◆ **Directions for this task**
Down to the last line, restate the records below word for word, dropping every image.

>>>>>

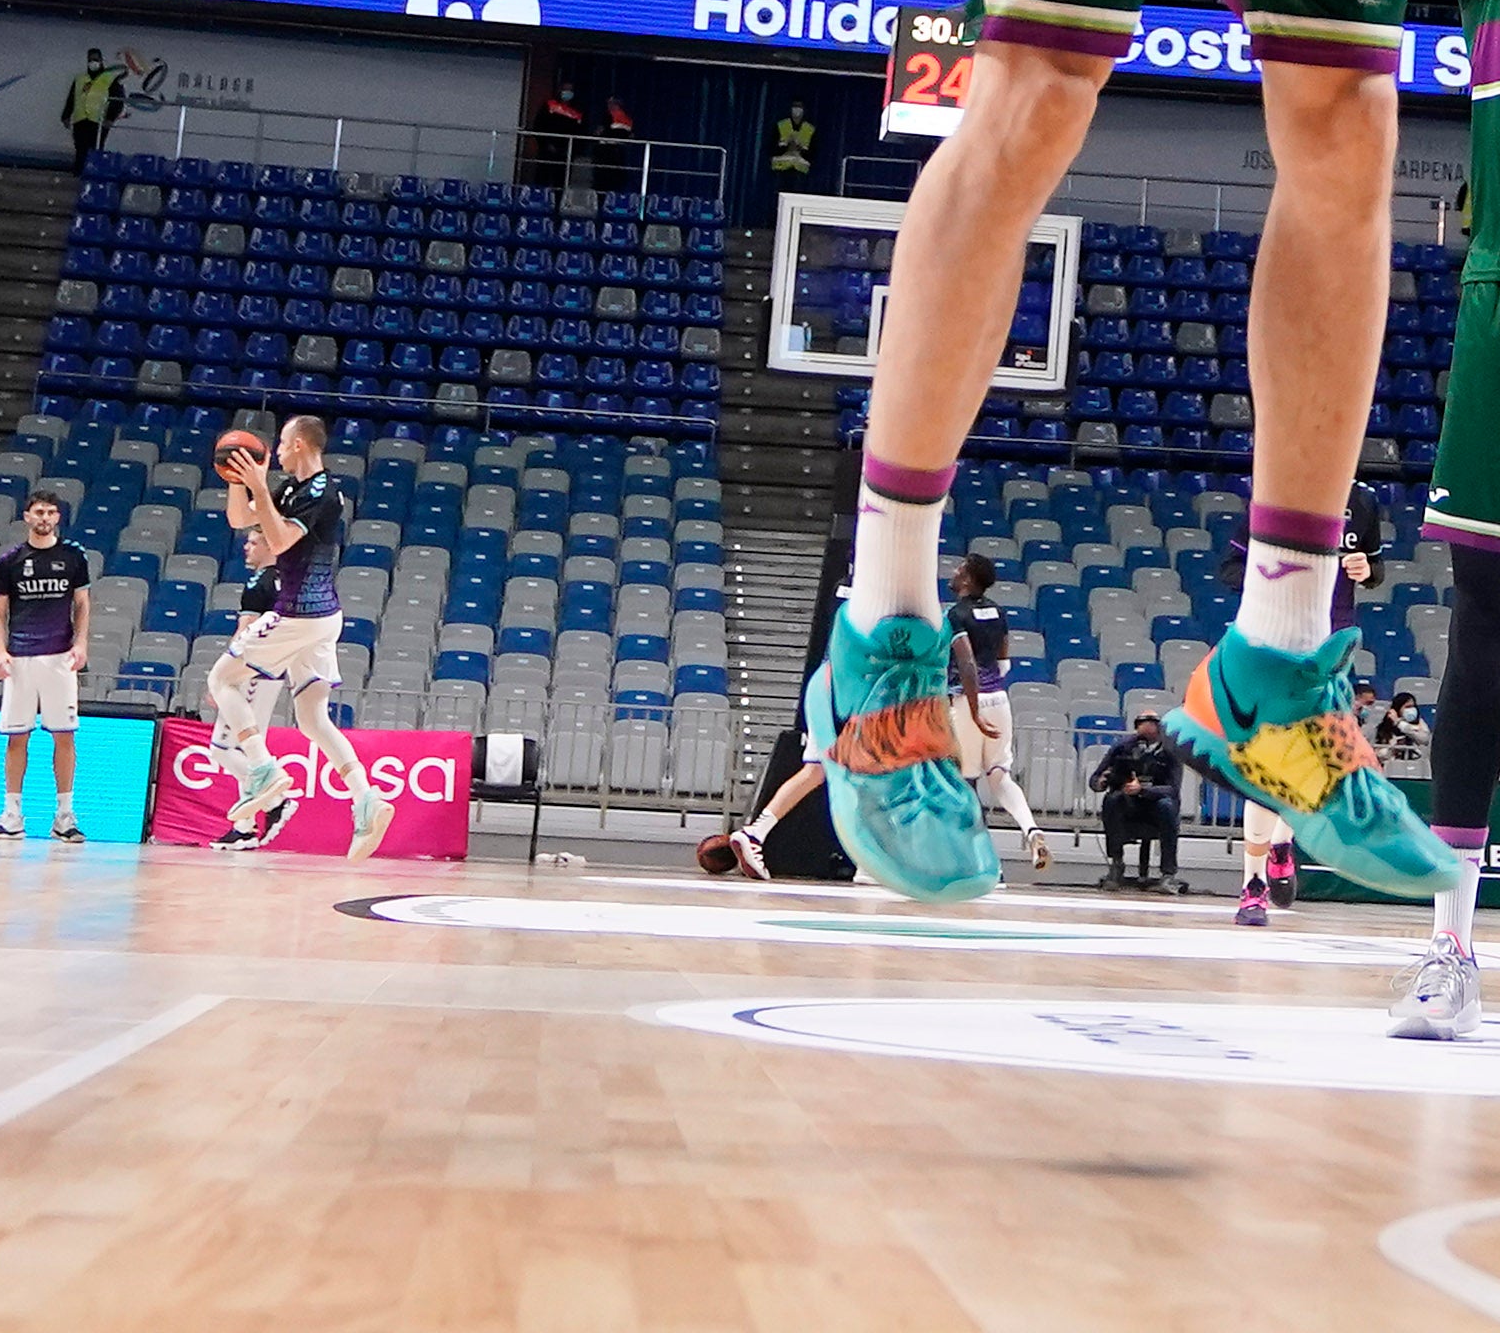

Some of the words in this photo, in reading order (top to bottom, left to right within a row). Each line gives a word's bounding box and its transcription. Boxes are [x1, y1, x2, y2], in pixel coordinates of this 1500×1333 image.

[903, 51, 972, 107] 24
[17, 577, 69, 594] surne
[173, 740, 455, 802] edesa
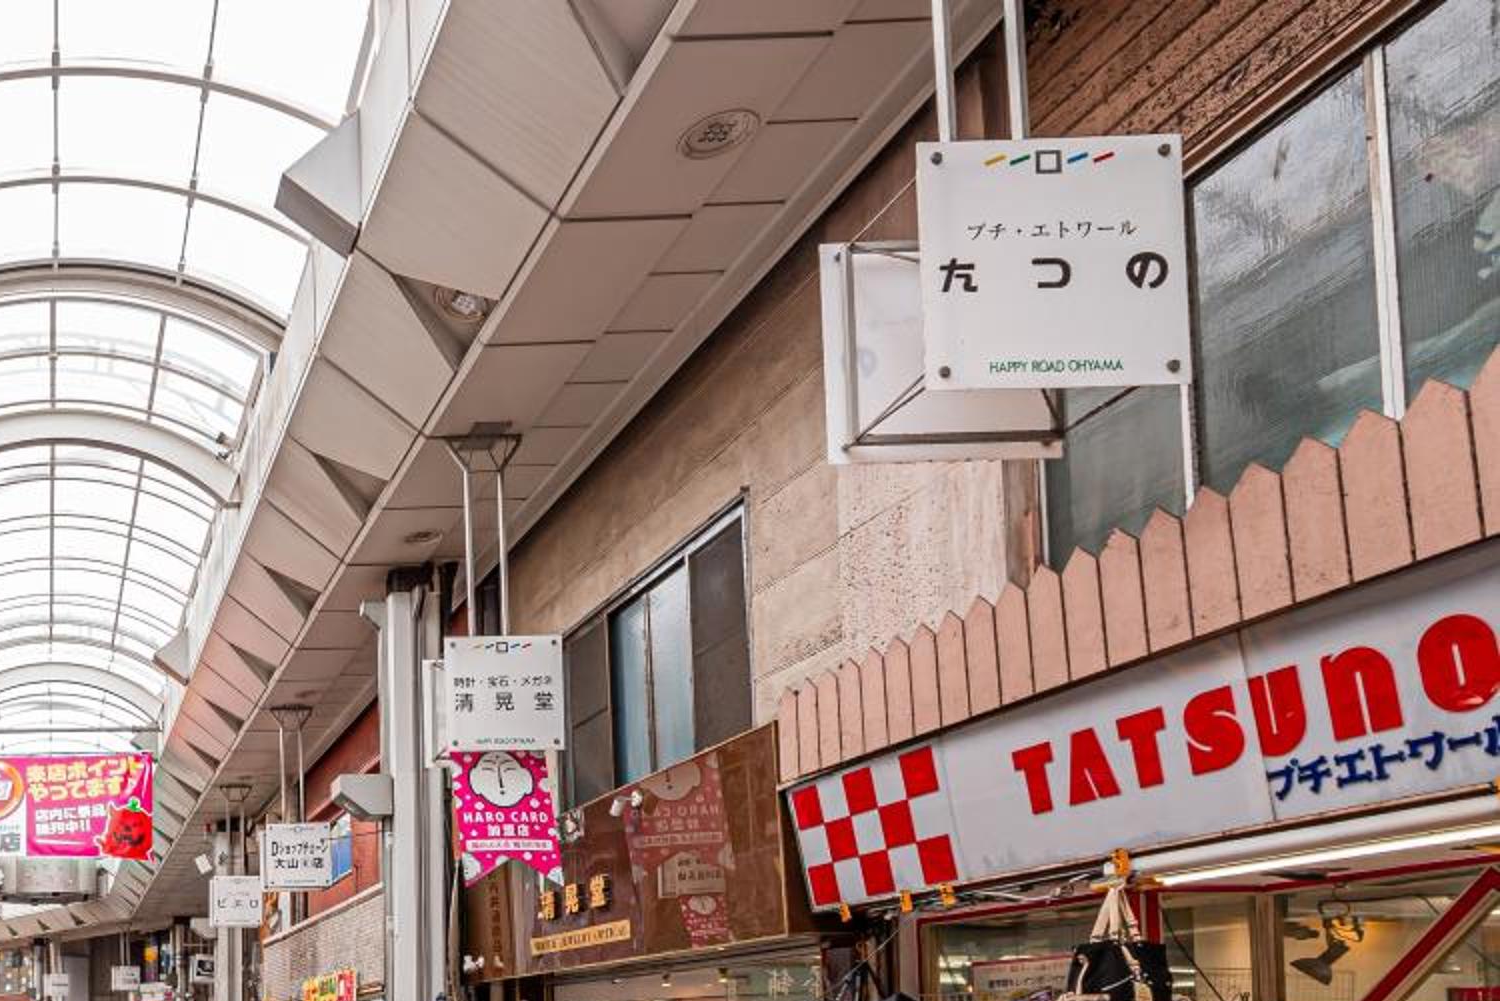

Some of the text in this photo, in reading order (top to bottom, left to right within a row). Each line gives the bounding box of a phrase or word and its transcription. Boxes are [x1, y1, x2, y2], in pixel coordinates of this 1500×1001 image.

[939, 251, 1169, 293] たつの
[989, 359, 1125, 374] HAPPY ROAD OHYAMA
[27, 777, 124, 801] やってます
[463, 811, 548, 824] HARO CARD
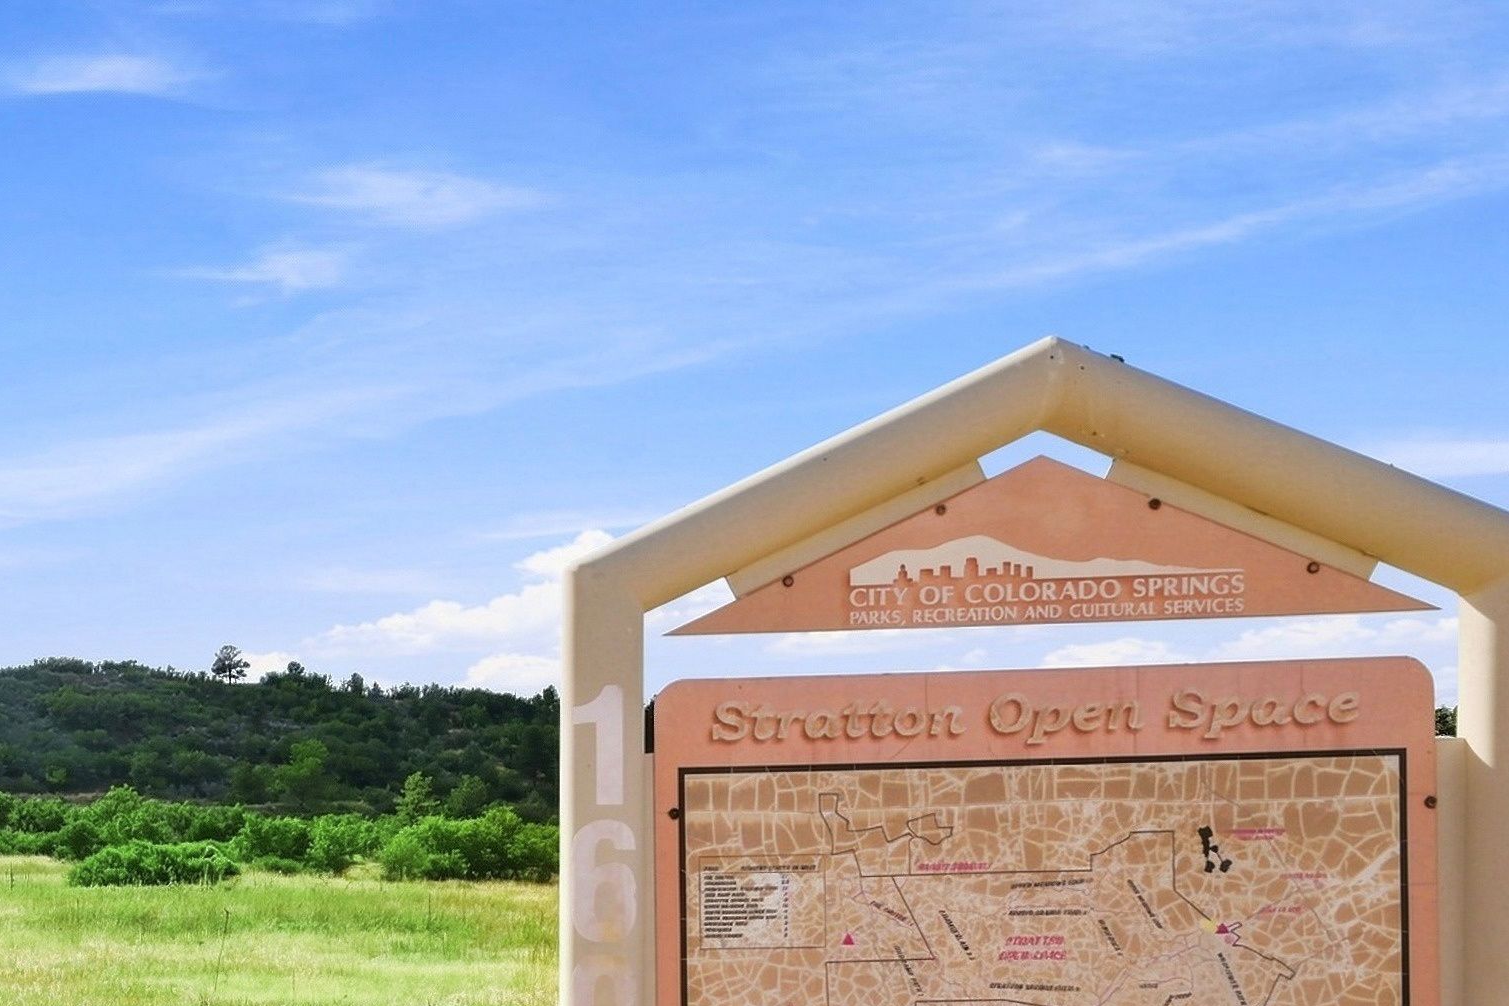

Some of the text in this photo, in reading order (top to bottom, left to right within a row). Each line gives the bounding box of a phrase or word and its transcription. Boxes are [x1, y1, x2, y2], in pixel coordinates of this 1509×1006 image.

[849, 574, 1245, 607] CITY OF COLORADO SPRINGS
[849, 598, 1245, 628] PARKS, RECREATION AND CULTURAL SERVICES
[711, 687, 1361, 745] Stratton Open Space

<<<<<

◆ **Problem solution**
Some of the words in this photo, in reading order (top to bottom, left to right within a row). Each line gives a word's bounding box and its transcription. Boxes are [x1, y1, x2, y2], in pixel coordinates of this 1500×1333 image.

[903, 51, 972, 107] 24
[17, 577, 69, 594] surne
[173, 740, 455, 802] edesa

Some of the text in this photo, in reading order (top to bottom, left to right within a row). Each line gives the bounding box of a phrase or word and its transcription. Boxes are [x1, y1, x2, y2], in pixel coordinates of this 1500×1001 image.

[939, 251, 1169, 293] たつの
[989, 359, 1125, 374] HAPPY ROAD OHYAMA
[27, 777, 124, 801] やってます
[463, 811, 548, 824] HARO CARD

Some of the text in this photo, in reading order (top to bottom, left to right within a row). Each line gives the bounding box of a phrase or word and its transcription. Boxes are [x1, y1, x2, y2], in pixel coordinates of this 1509×1006 image.

[849, 574, 1245, 607] CITY OF COLORADO SPRINGS
[849, 598, 1245, 628] PARKS, RECREATION AND CULTURAL SERVICES
[711, 687, 1361, 745] Stratton Open Space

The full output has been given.